Le très controversé projet de loi DADVSI (droits d’auteur et droits voisins pour la société de l’information) a donc été passé à la moulinette du ministère de la Culture pour plus d’équilibre.
Il s’agit de répondre à la fronde de nombreux députés et de rassurer les consommateurs qui estiment que ce texte est liberticide en mettant à mal le principe du droit à la copie privée.
Sous l’impulsion du président Jacques Chirac, le ministre de la Culture, Renaud Donnedieu de Vabres a donc présenté quelques amendements censés calmer la tempête.
Les amendements prévoient un régime de sanction graduée qui allège les sanctions des internautes qui téléchargent occasionnellement des fichiers à des fins personnelles.
Ils modulent également les sanctions à l’égard de ceux qui contournent les mesures techniques de protection (MTP ou DRM) en distinguant le contournement ponctuel pour un usage personnel, le « hacker » ou pirate informatique et les fabricants de logiciels qui tirent profit de ces pratiques.
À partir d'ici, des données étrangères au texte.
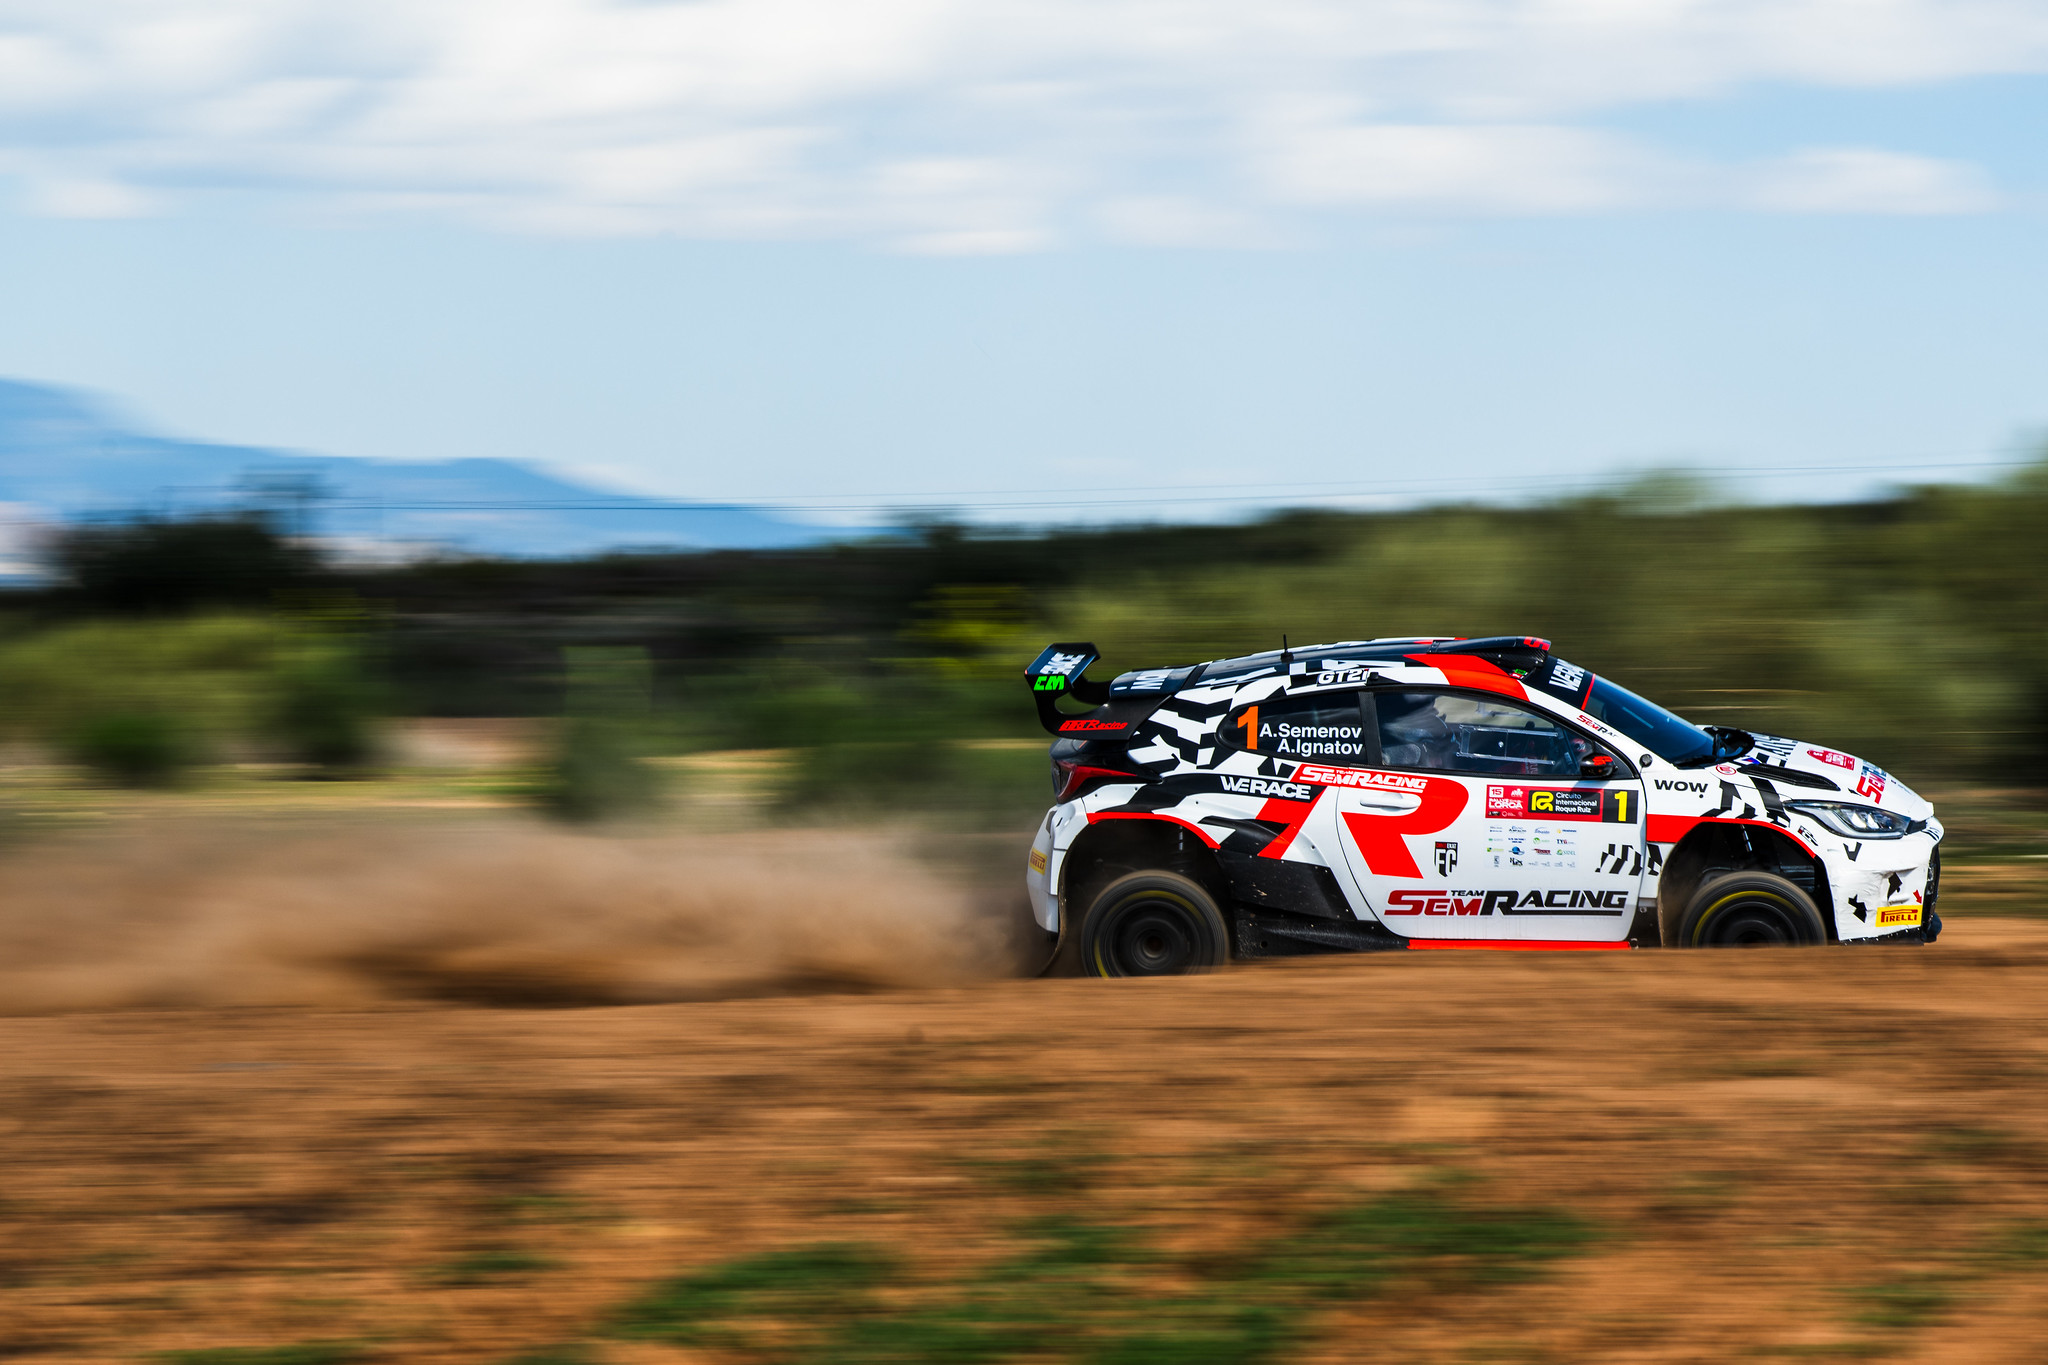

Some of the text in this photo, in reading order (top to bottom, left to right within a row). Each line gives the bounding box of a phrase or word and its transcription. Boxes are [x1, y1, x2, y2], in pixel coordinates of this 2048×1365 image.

[1318, 668, 1370, 685] GT2i
[1237, 706, 1259, 750] 1
[1259, 723, 1362, 739] A.Semenov
[1277, 738, 1364, 757] A.Ignatov
[1220, 775, 1312, 800] WERACE
[1654, 779, 1709, 793] WOW
[1555, 798, 1597, 807] Internacional
[1555, 805, 1577, 813] Roque
[1614, 791, 1628, 822] 1
[1881, 908, 1919, 923] PIRELLI
« Ces aménagements ignorent la véritable problématique des échanges sur internet, qui sont cryptés et anonymes, et ne résolvent en rien la gratuité et donc l’absence de rémunération des ayants droit sur internet », a déclaré à l’AFP Lionel Thoumyre, responsable des nouvelles techniques à la Spedidam.
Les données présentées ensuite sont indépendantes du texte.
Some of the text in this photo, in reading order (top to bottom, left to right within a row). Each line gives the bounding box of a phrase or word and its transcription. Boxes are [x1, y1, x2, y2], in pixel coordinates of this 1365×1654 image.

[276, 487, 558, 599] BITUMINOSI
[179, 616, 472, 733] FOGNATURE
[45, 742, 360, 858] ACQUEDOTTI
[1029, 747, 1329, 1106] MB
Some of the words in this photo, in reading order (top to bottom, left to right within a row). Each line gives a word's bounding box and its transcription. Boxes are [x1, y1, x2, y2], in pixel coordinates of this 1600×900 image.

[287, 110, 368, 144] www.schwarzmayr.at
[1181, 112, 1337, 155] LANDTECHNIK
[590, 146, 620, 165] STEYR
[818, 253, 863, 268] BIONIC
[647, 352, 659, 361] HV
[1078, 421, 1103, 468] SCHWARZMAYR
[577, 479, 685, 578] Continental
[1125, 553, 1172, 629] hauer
Pour appliquer les sanctions proposées, « on sera obligé d’aboutir à une surveillance généralisée », a-t-il mis en garde.
« L’internaute sera encore sanctionné et l’artiste ne percevra pas un euro de plus car le gouvernement ne veut pas de la licence globale.
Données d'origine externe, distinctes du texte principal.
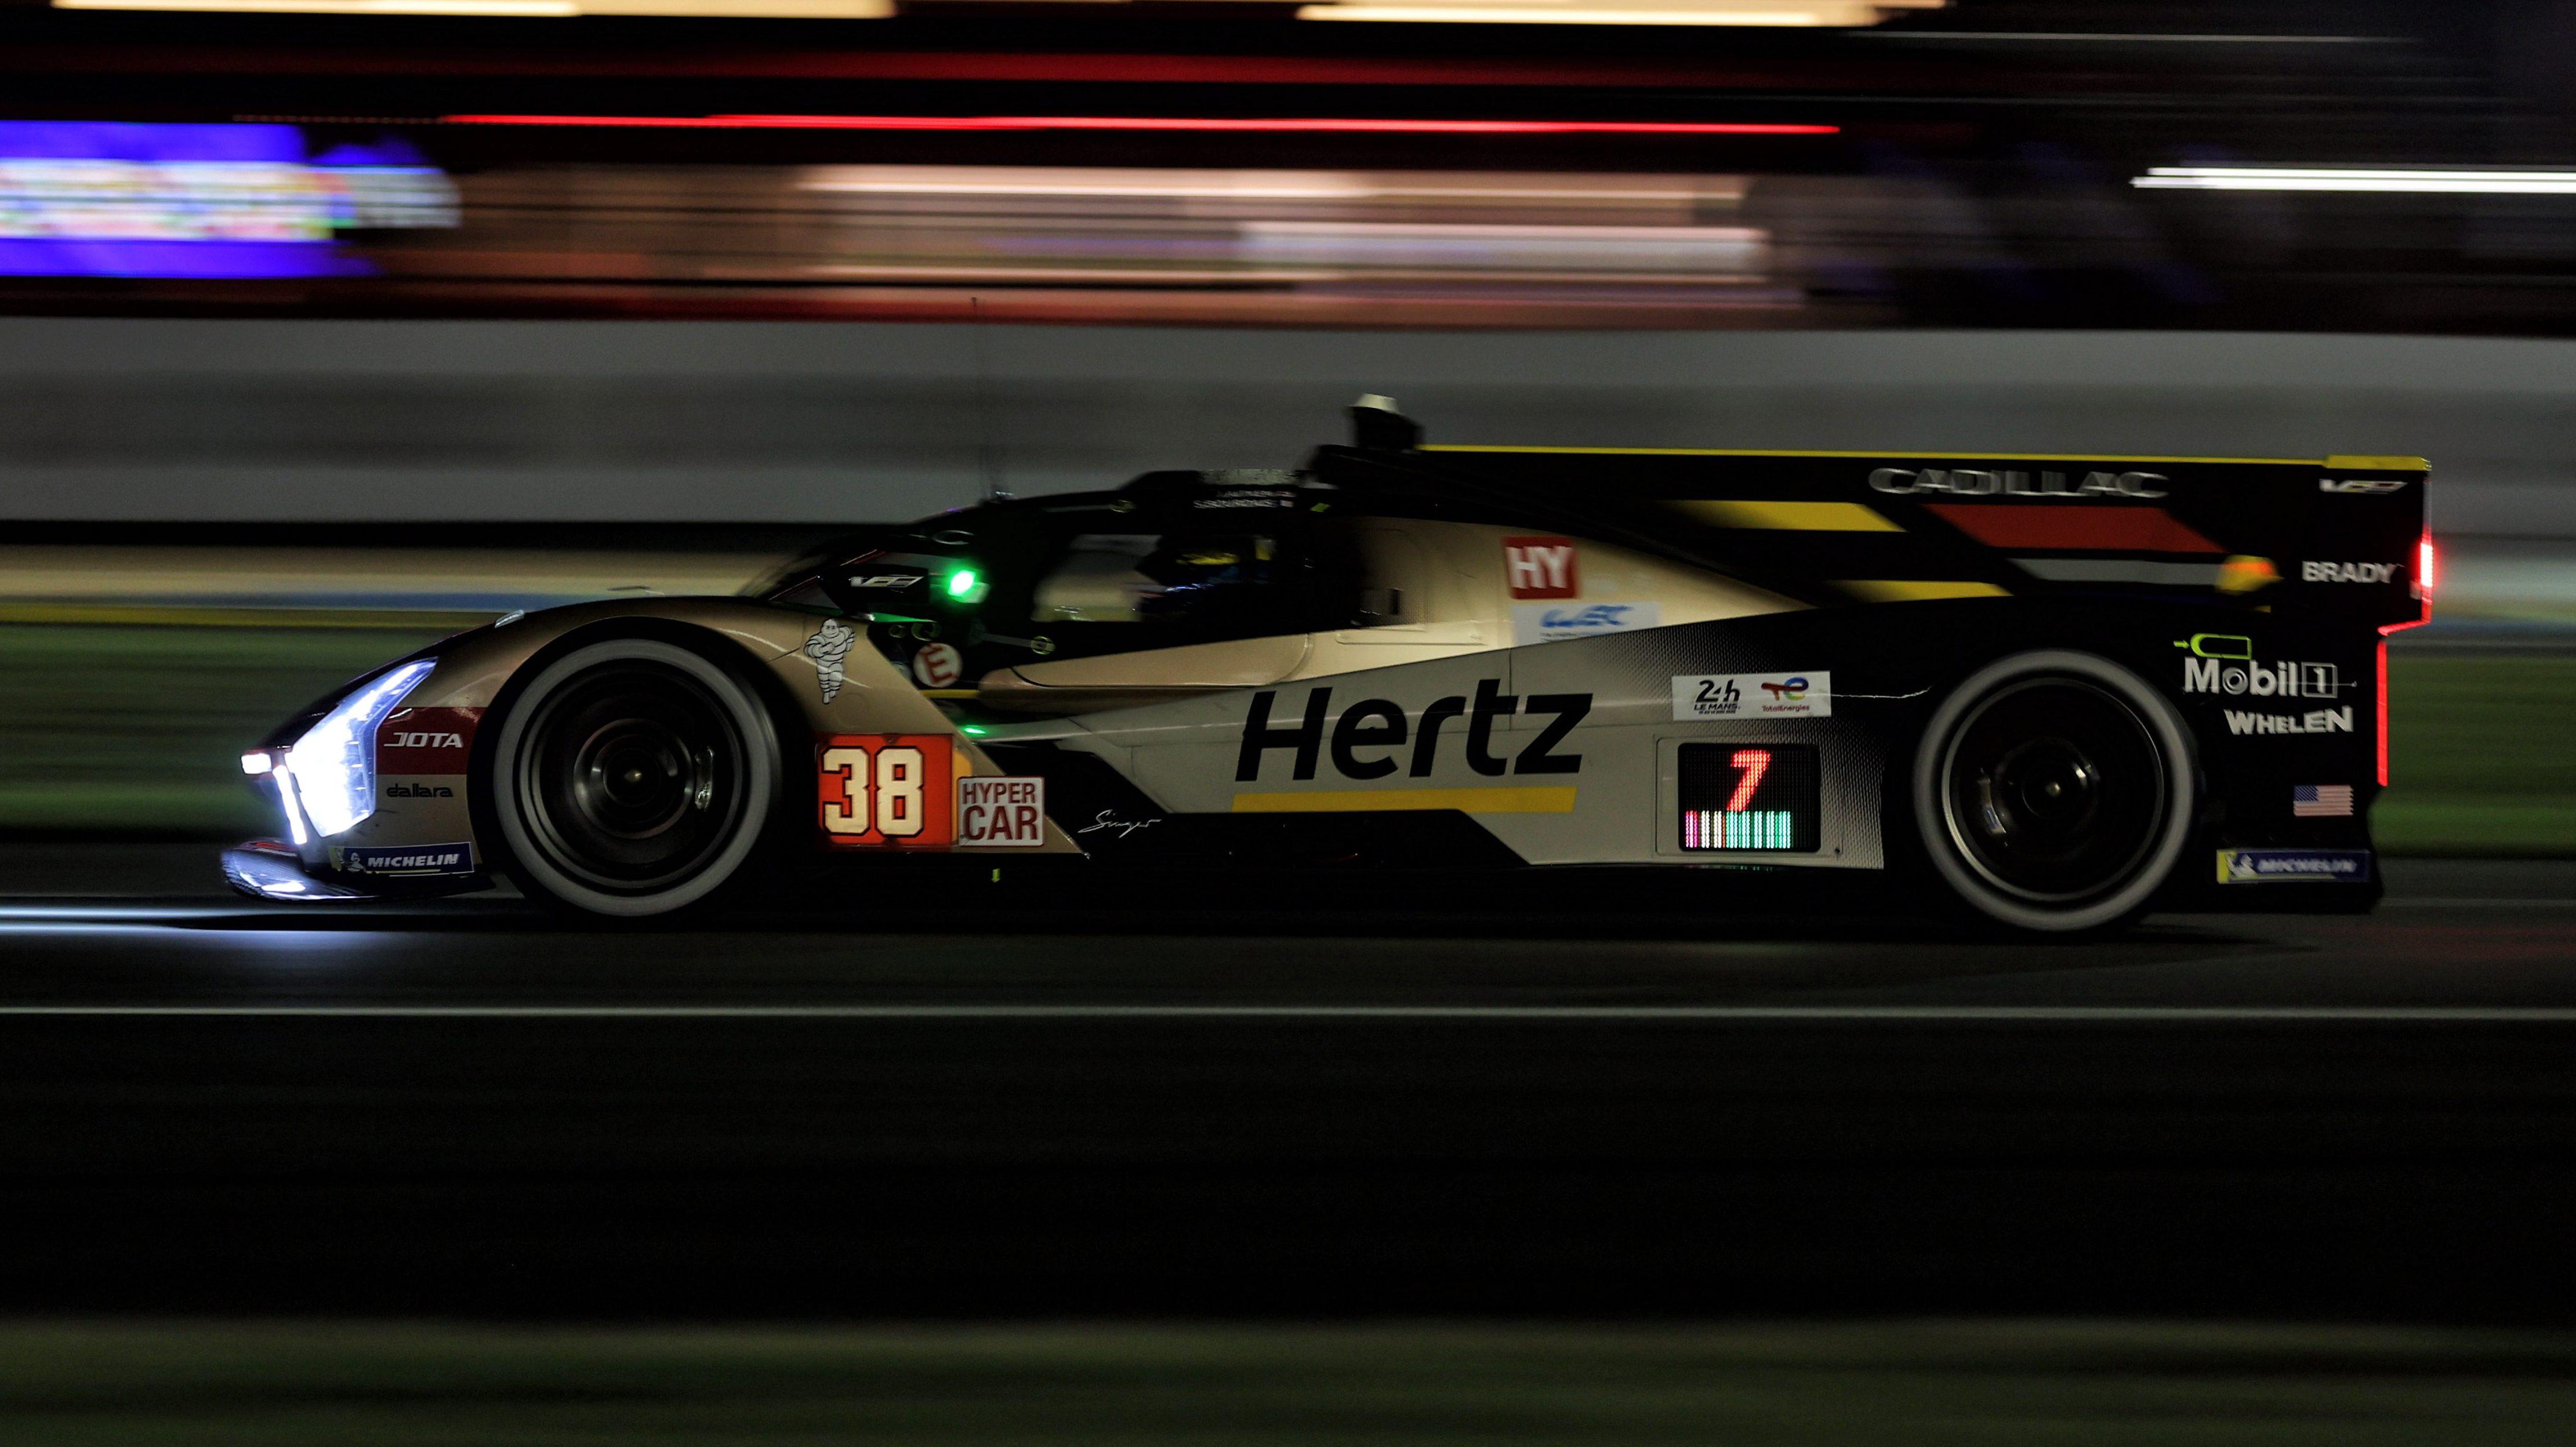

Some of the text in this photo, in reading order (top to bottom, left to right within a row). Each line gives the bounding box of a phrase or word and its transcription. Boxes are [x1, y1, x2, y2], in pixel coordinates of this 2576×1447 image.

[1868, 467, 2171, 499] CADILLAC
[1507, 545, 1574, 589] HY
[2302, 560, 2399, 583] BRADY
[921, 644, 956, 684] E
[2183, 656, 2299, 697] Mobil
[1696, 679, 1740, 702] 24h
[1235, 679, 1593, 779] Hertz
[2223, 705, 2354, 735] WHELEN
[383, 732, 464, 748] JOTA
[387, 784, 453, 797] dallara
[821, 745, 925, 837] 38
[963, 783, 1036, 804] HYPER
[1726, 749, 1771, 813] 7
[963, 806, 1038, 840] CAR
[367, 853, 460, 868] MICHELIN
« Il faut que la réponse graduée ne soit pas vidée de son sens et nous restons vigilant pour qu’il n’y ait pas d’exonération de la responsabilité des internautes », a-t-il insisté.
« Quant au nombre de copies possibles, il ne faut pas redécouvrir le fil à couper le beurre : sur les sites commerciaux comme i-tunes, il est déjà possible de faire plusieurs copies », a rappelé le directeur général.